§ **Working data**
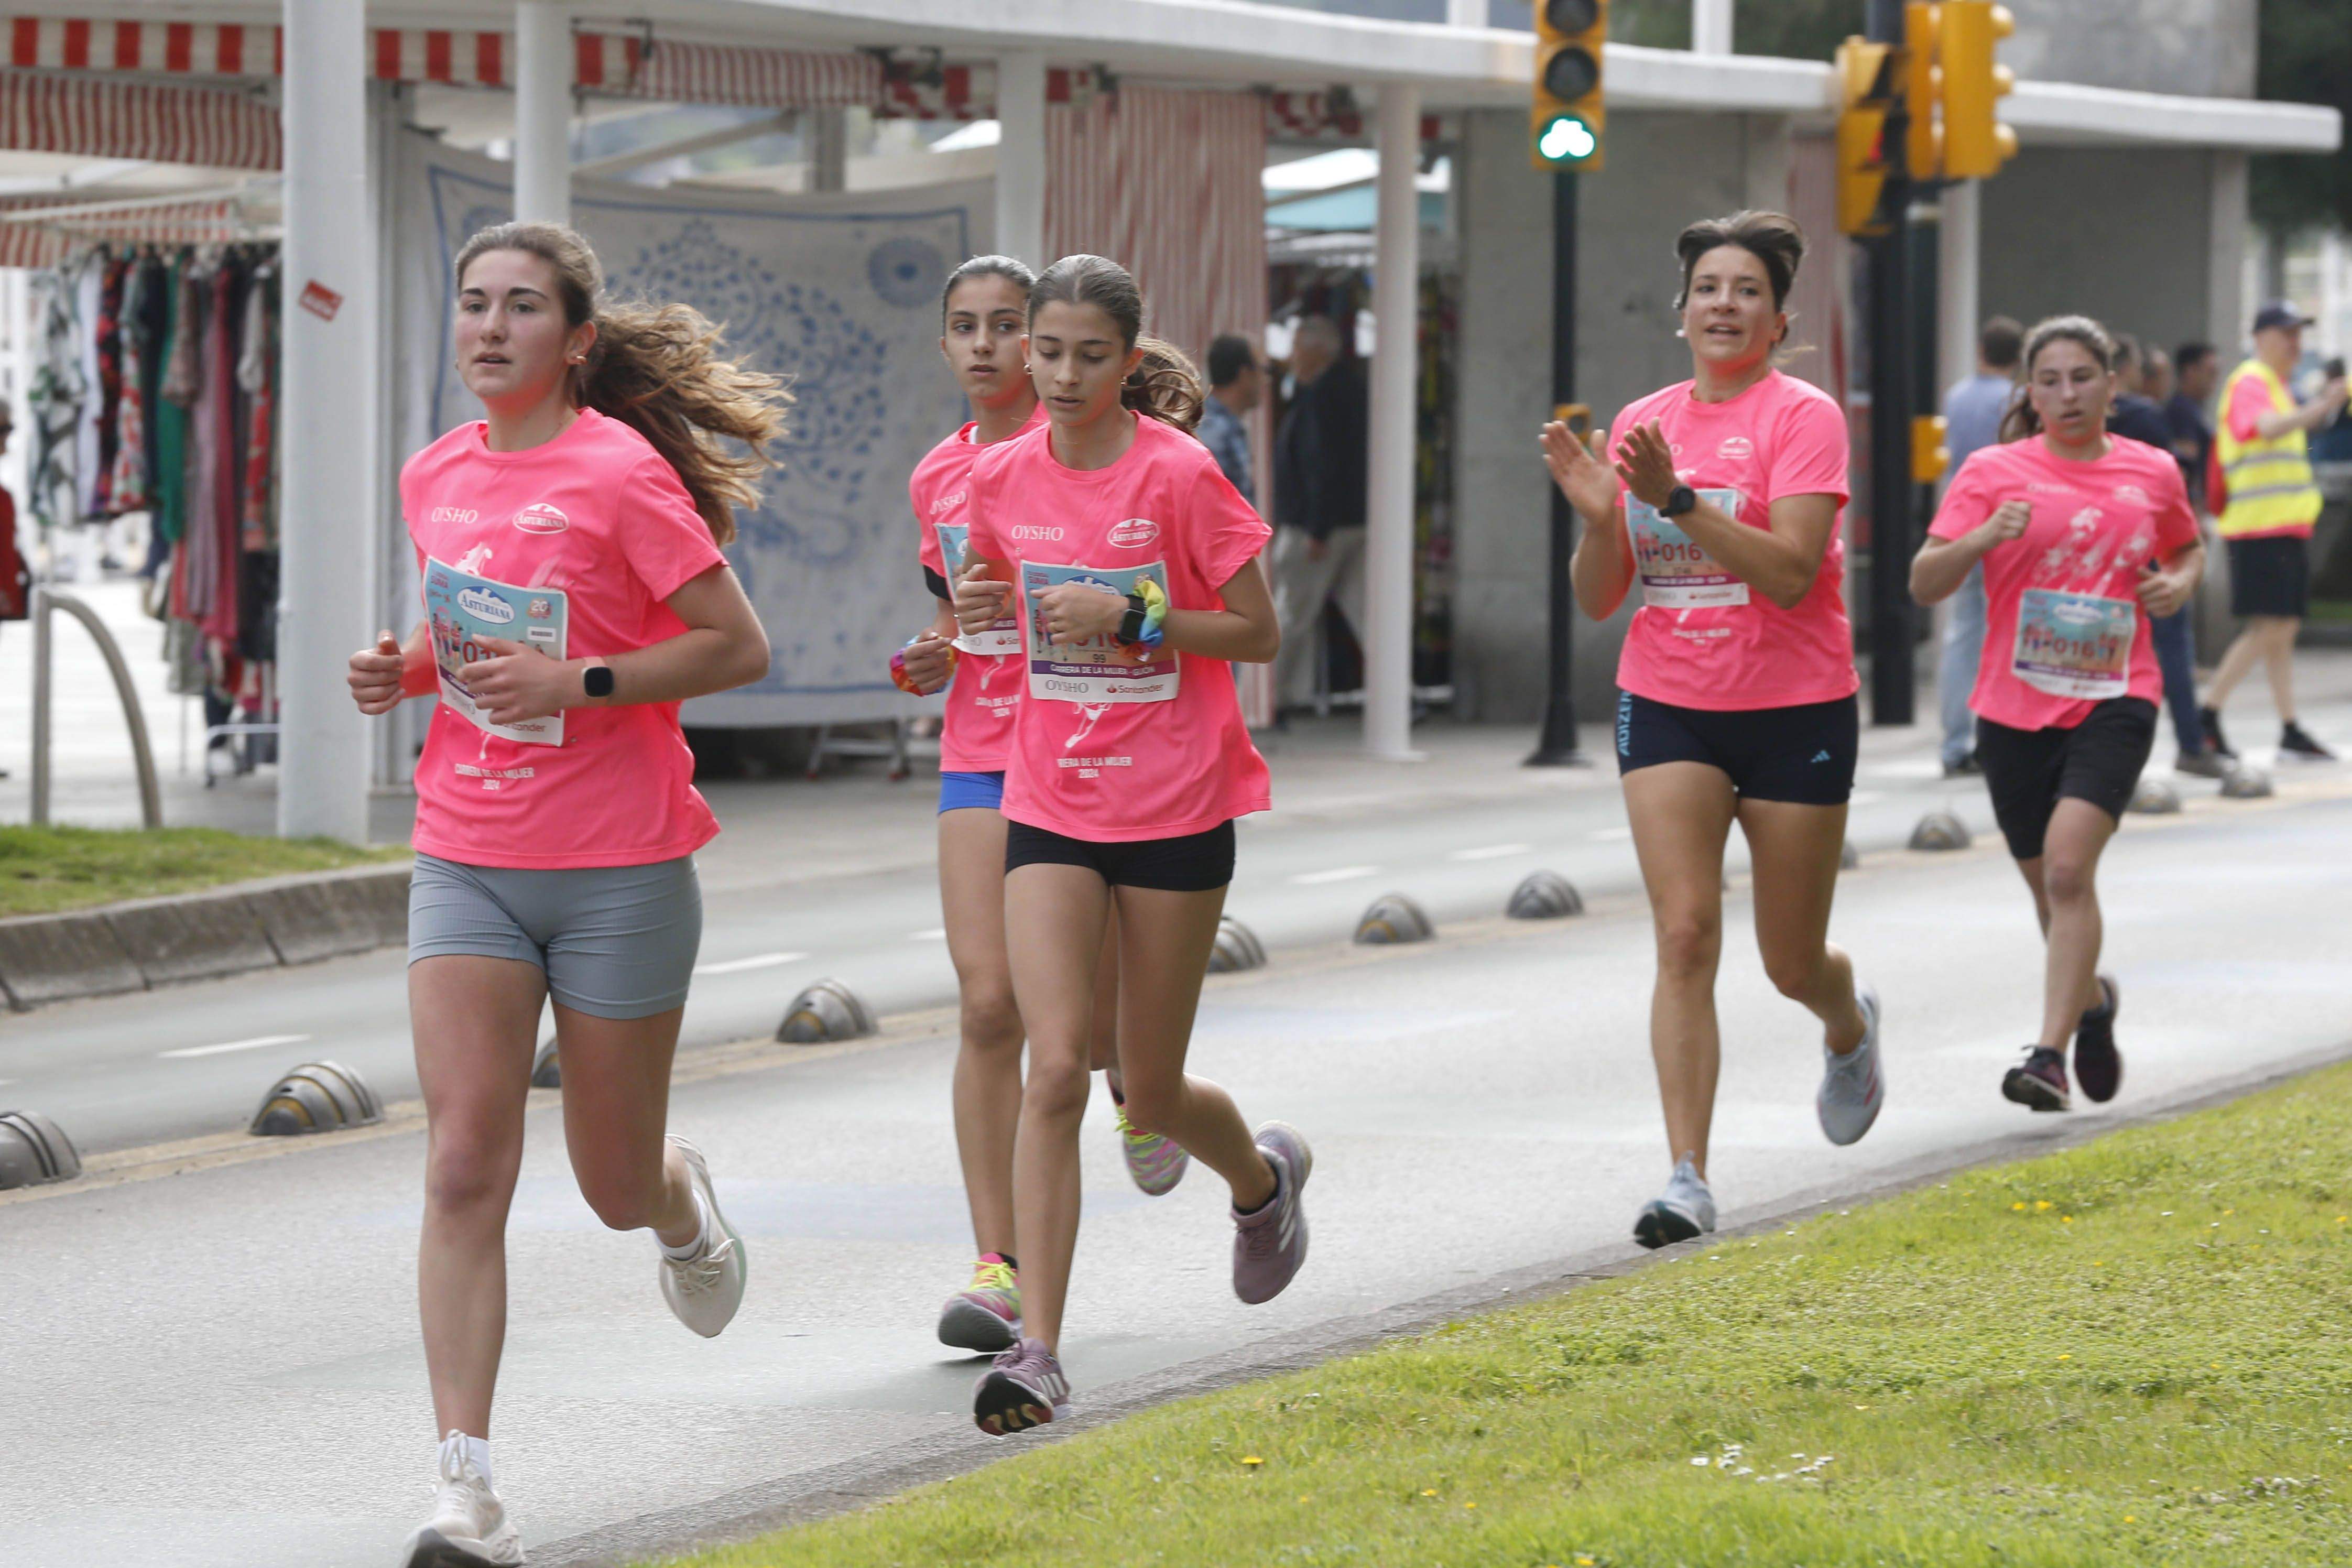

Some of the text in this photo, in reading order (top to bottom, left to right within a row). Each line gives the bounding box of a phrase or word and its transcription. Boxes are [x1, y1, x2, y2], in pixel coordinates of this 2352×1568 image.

[1011, 525, 1064, 541] OYSHO
[1662, 542, 1702, 561] 016
[461, 593, 511, 620] ASTURIANA
[1093, 654, 1106, 663] 99
[1045, 680, 1164, 694] OYSHO Santander
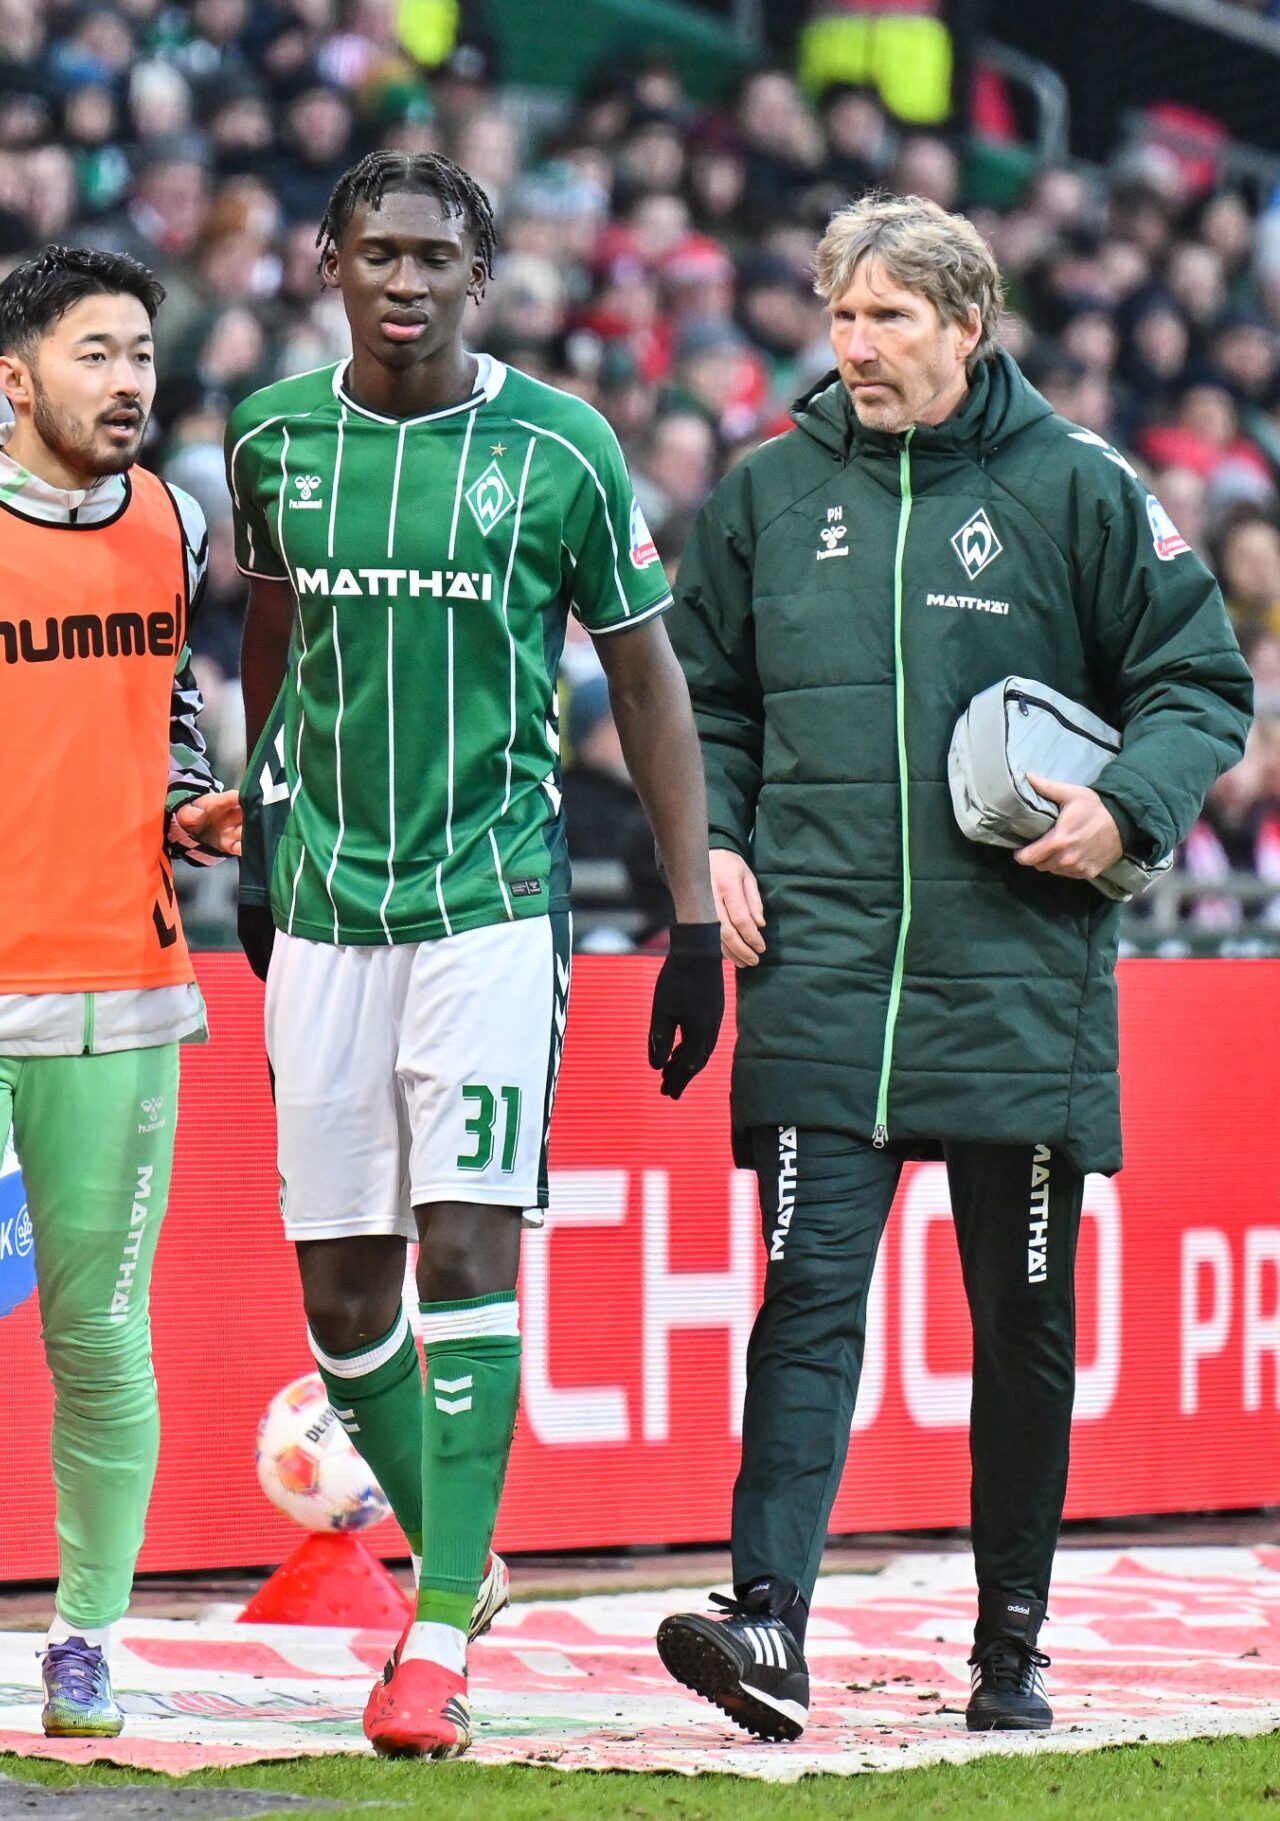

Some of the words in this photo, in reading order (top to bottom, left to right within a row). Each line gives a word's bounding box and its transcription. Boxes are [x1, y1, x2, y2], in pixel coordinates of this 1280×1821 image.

[295, 567, 493, 601] MATTHÄI
[456, 1084, 522, 1174] 31
[770, 1126, 798, 1261] MATTHÄ
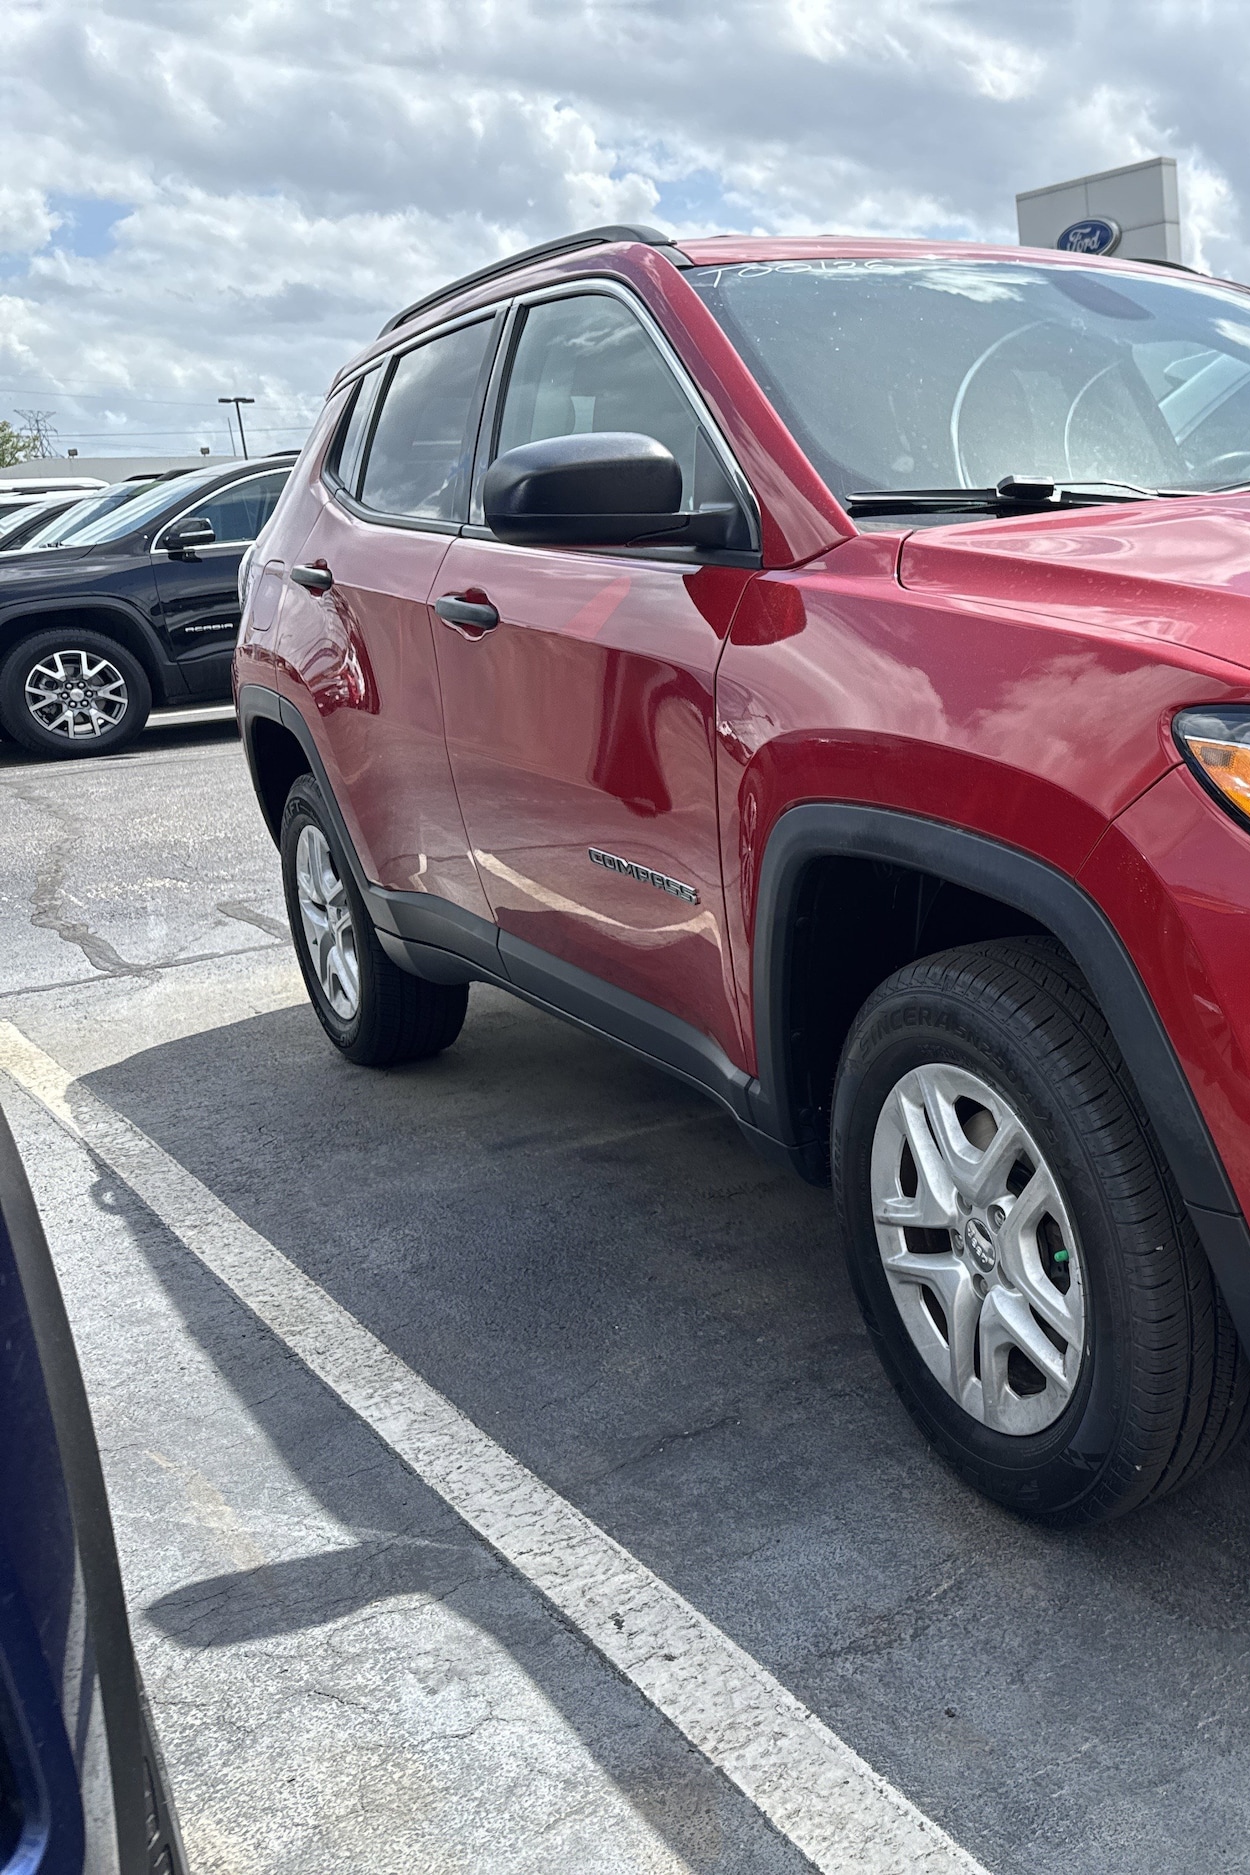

§ **What to produce**
Return the entries verbatim, pictures excluded.

§ **Answer below**
Some of the text in this photo, in reading order (top to bottom, left to right within a row). Each line gives the bounding box of a phrase or word and its transcription. Boxes are [x1, y1, x2, y2], in pixel coordinates of this 2352×1568 image.

[1011, 525, 1064, 541] OYSHO
[1662, 542, 1702, 561] 016
[461, 593, 511, 620] ASTURIANA
[1093, 654, 1106, 663] 99
[1045, 680, 1164, 694] OYSHO Santander

Some of the words in this photo, in reading order (top to bottom, left to right within a row). Each line gives a word's bounding box and its transcription. Boxes are [x1, y1, x2, y2], in pixel coordinates of this 1280×1821 image.

[295, 567, 493, 601] MATTHÄI
[456, 1084, 522, 1174] 31
[770, 1126, 798, 1261] MATTHÄ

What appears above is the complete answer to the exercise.